Lecture 3. Inheritance

Objective: In this lecture unit, we show:

how the general principles of inheritance and the object-oriented concept of polymorphism relate to code reuse,
how inheritance is implemented in C++,
how a collection of classes can be derived from a single abstract class, and
how run-time binding decisions, rather than compile-time linking decision, can be made for these classes.

3.1 Inheritance Basics

Inheritance models an IS-A relationship where we have a class A and want to create a class B which IS-A (variation of) class A. E.g. a Circle IS-A Shape and a Car IS-A Vehical.
We can always copy the definition of A and make the necessary changes, but then code proliferates and becomes difficult to manage.
Obviously, inheritance would be a better solution. It allows the reuse of code.
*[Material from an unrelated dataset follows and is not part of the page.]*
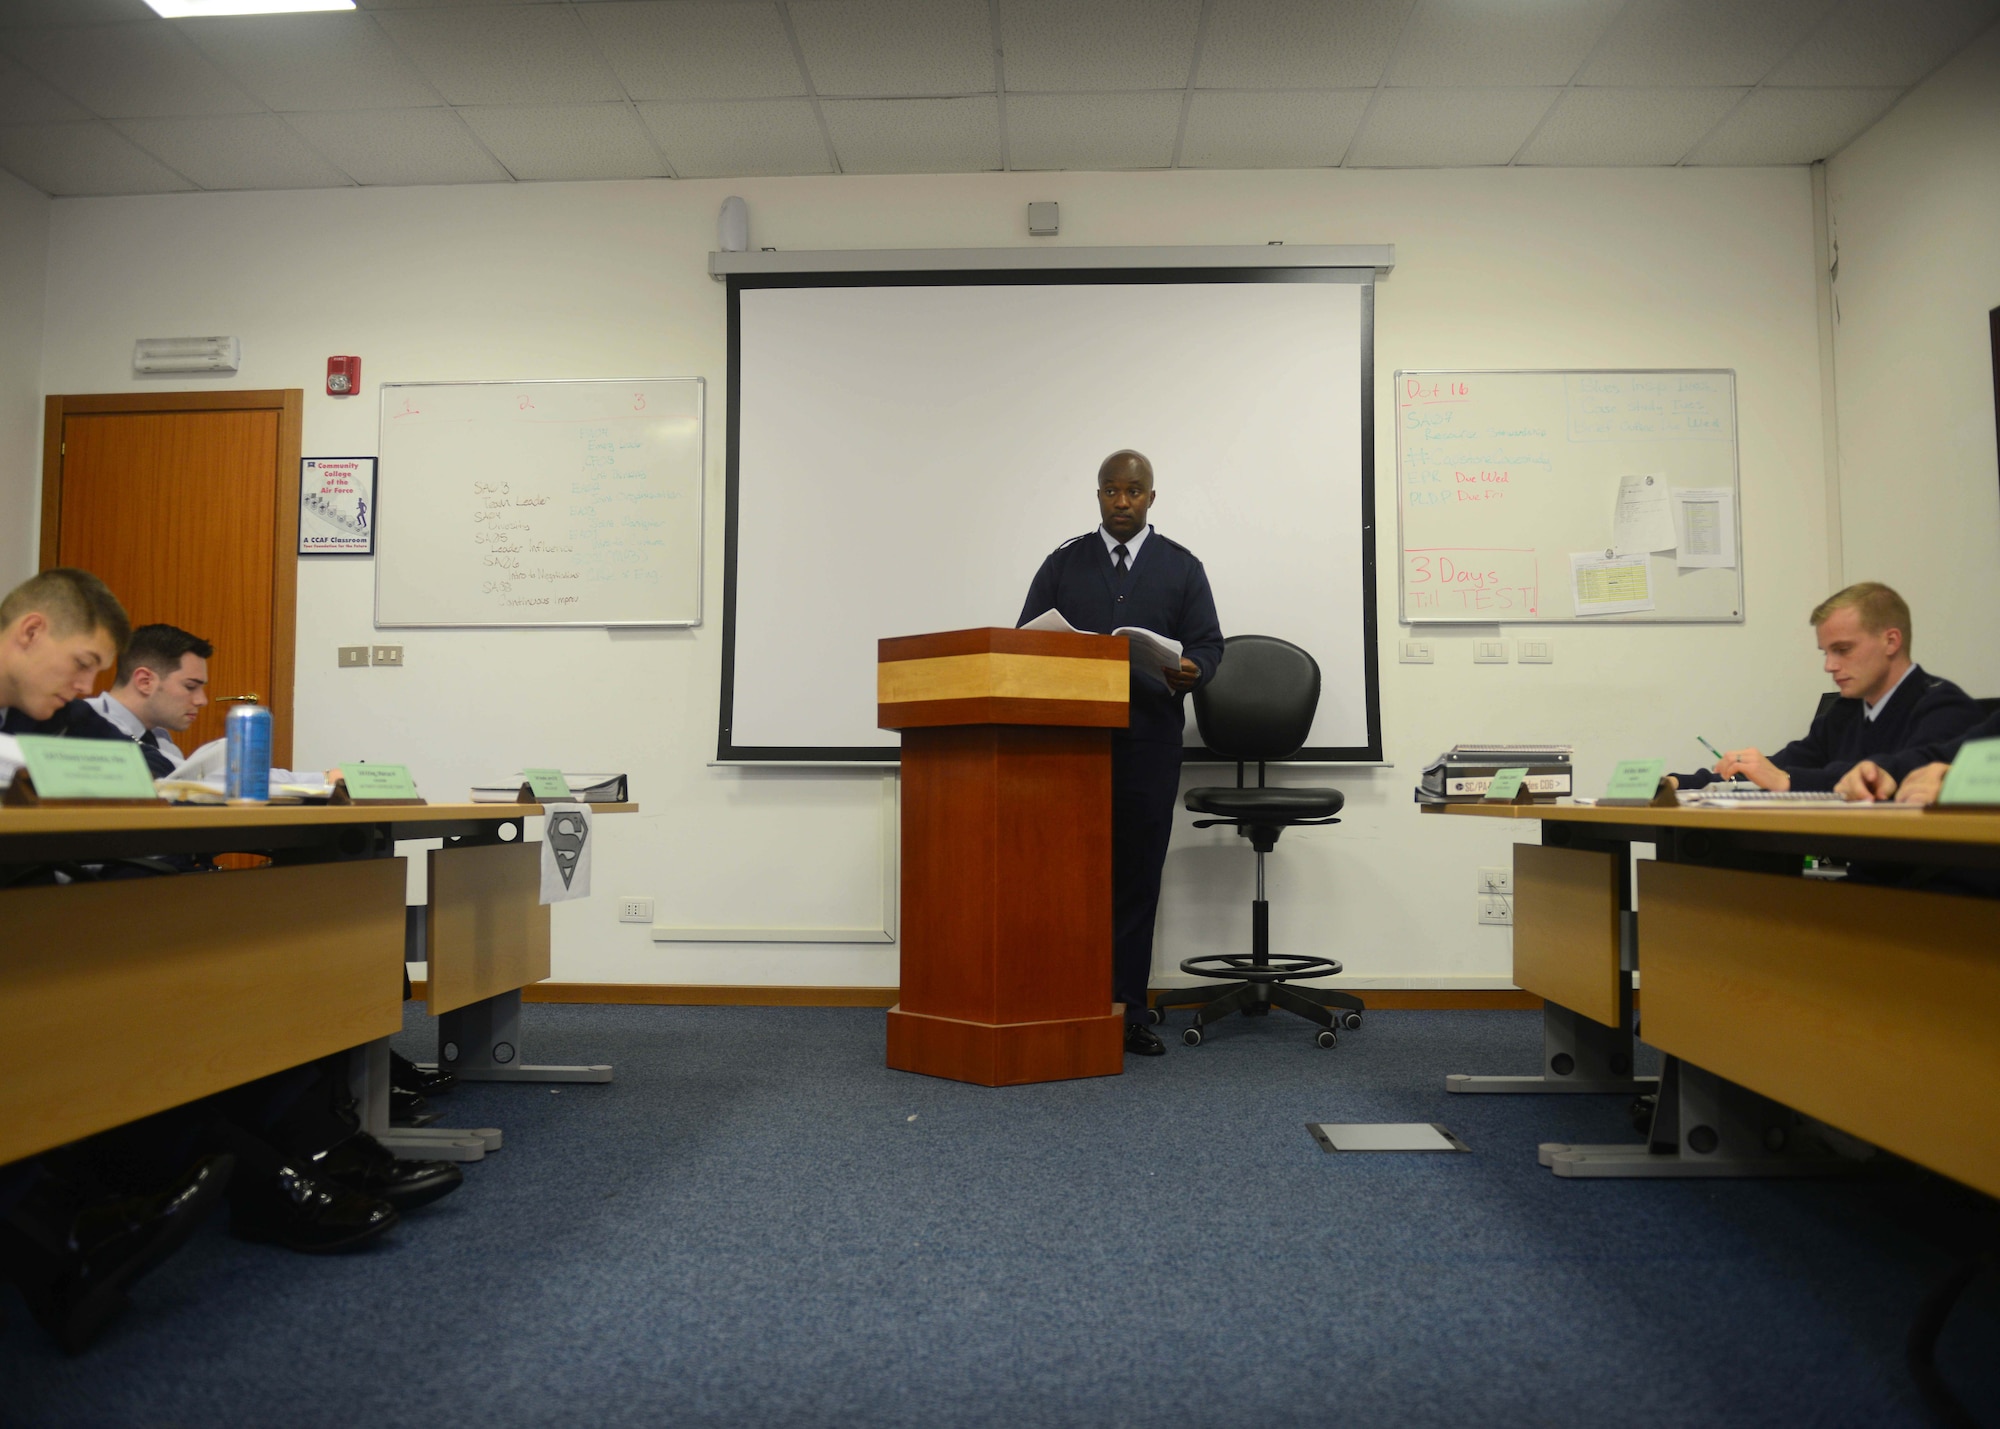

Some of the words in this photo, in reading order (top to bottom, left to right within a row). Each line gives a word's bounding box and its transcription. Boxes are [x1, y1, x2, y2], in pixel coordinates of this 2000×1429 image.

In C++, you would implement inheritance as:

class Derived : public Base
{
  // Base members unlisted are inherited unchanged
  // except for constructor, destructor, copy
  // constructor, and operator=
public:
  // new public members
  // Base members which are to be changed

private:
  // new private members
  // Base members disabled in Derived
};

This says: instances of B are just like instances of A except that
- they may have certain additional member functions and/or member data; and
- certain members of A can be redefined in B.
A protected member is like a private member with the exception that it can be accessible by members of derived classes.
A's members are inherited by B.
B is called a derived class and A its base class.
If C is a derived class from B, then C inherits members from both A and B.
Inheritance relationships form hierarchies.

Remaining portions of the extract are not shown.